>>

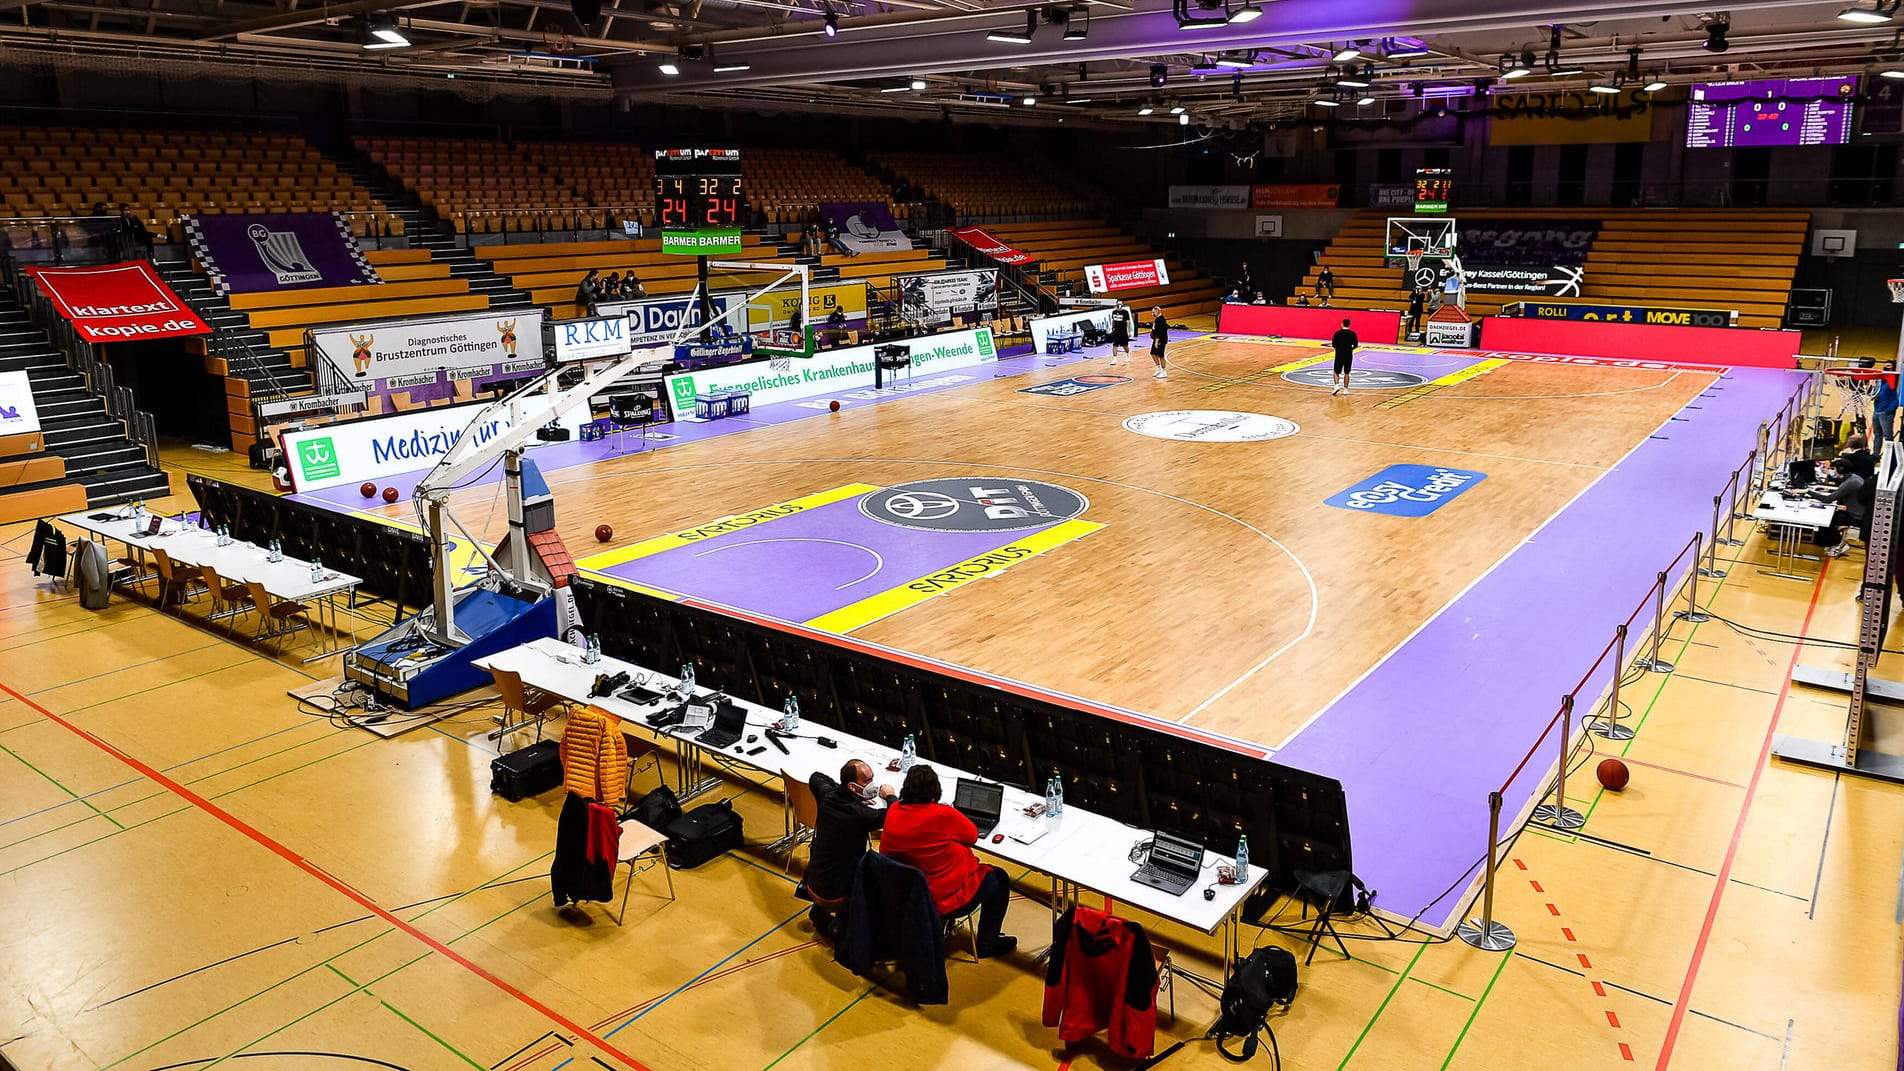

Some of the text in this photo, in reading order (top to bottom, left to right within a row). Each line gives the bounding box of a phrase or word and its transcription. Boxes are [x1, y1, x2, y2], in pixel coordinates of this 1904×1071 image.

[699, 179, 718, 195] 32
[662, 198, 687, 223] 24
[707, 198, 736, 223] 24
[251, 229, 266, 239] BG
[663, 236, 697, 246] BARMER
[698, 236, 741, 246] BARMER
[278, 272, 320, 284] GÖTTINGEN
[72, 299, 171, 318] klartext
[1538, 307, 1567, 317] ROLLI
[86, 317, 198, 340] kopie.de
[407, 333, 467, 346] Diagnostisches
[631, 332, 657, 344] MPETENZ
[375, 340, 498, 362] Brustzentrum Göttingen
[456, 367, 491, 379] Krombacher
[511, 361, 545, 373] Krombacher
[398, 374, 435, 386] Krombacher
[709, 373, 801, 396] Egelisches
[298, 396, 340, 409] Krombacher
[623, 408, 652, 418] SPALDING
[677, 503, 804, 542] SARTORIUS
[909, 545, 1032, 594] SARTORIUS
[567, 593, 580, 646] ACHIEGEL.DE
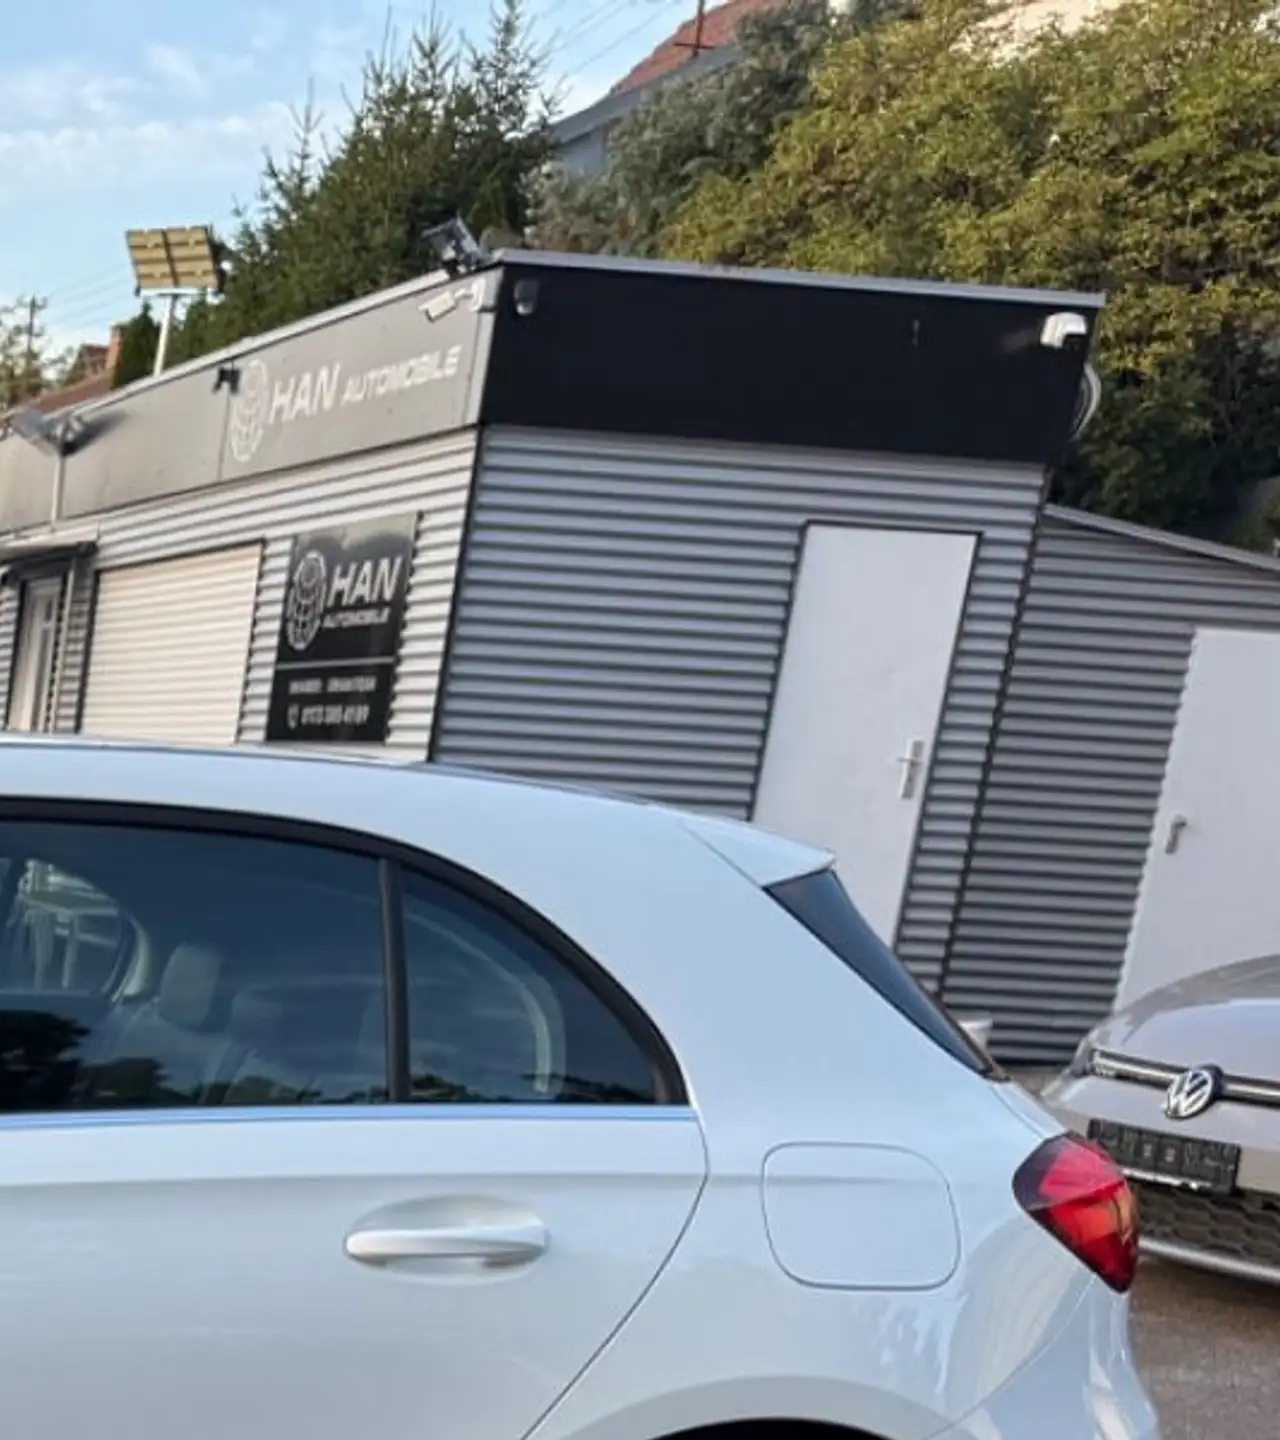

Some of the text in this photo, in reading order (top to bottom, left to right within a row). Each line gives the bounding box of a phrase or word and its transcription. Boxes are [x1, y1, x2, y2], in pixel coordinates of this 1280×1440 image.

[269, 344, 462, 424] HAN AUTOMOBILE
[326, 555, 403, 607] HAN

<<

● ACTIVITY:
What you give back must match the material above exactly, minus its pictures.

● ANSWER TO THIS PROBLEM:
Some of the text in this photo, in reading order (top to bottom, left to right within a row). Each line gives the bounding box of a phrase or word and its transcription. Boxes are [x1, y1, x2, y2], in pixel coordinates of this 1904×1071 image.

[699, 179, 718, 195] 32
[662, 198, 687, 223] 24
[707, 198, 736, 223] 24
[251, 229, 266, 239] BG
[663, 236, 697, 246] BARMER
[698, 236, 741, 246] BARMER
[278, 272, 320, 284] GÖTTINGEN
[72, 299, 171, 318] klartext
[1538, 307, 1567, 317] ROLLI
[86, 317, 198, 340] kopie.de
[407, 333, 467, 346] Diagnostisches
[631, 332, 657, 344] MPETENZ
[375, 340, 498, 362] Brustzentrum Göttingen
[456, 367, 491, 379] Krombacher
[511, 361, 545, 373] Krombacher
[398, 374, 435, 386] Krombacher
[709, 373, 801, 396] Egelisches
[298, 396, 340, 409] Krombacher
[623, 408, 652, 418] SPALDING
[677, 503, 804, 542] SARTORIUS
[909, 545, 1032, 594] SARTORIUS
[567, 593, 580, 646] ACHIEGEL.DE

Some of the text in this photo, in reading order (top to bottom, left to right within a row). Each line gives the bounding box of a phrase or word and its transcription. Boxes are [x1, y1, x2, y2], in pixel coordinates of this 1280×1440 image.

[269, 344, 462, 424] HAN AUTOMOBILE
[326, 555, 403, 607] HAN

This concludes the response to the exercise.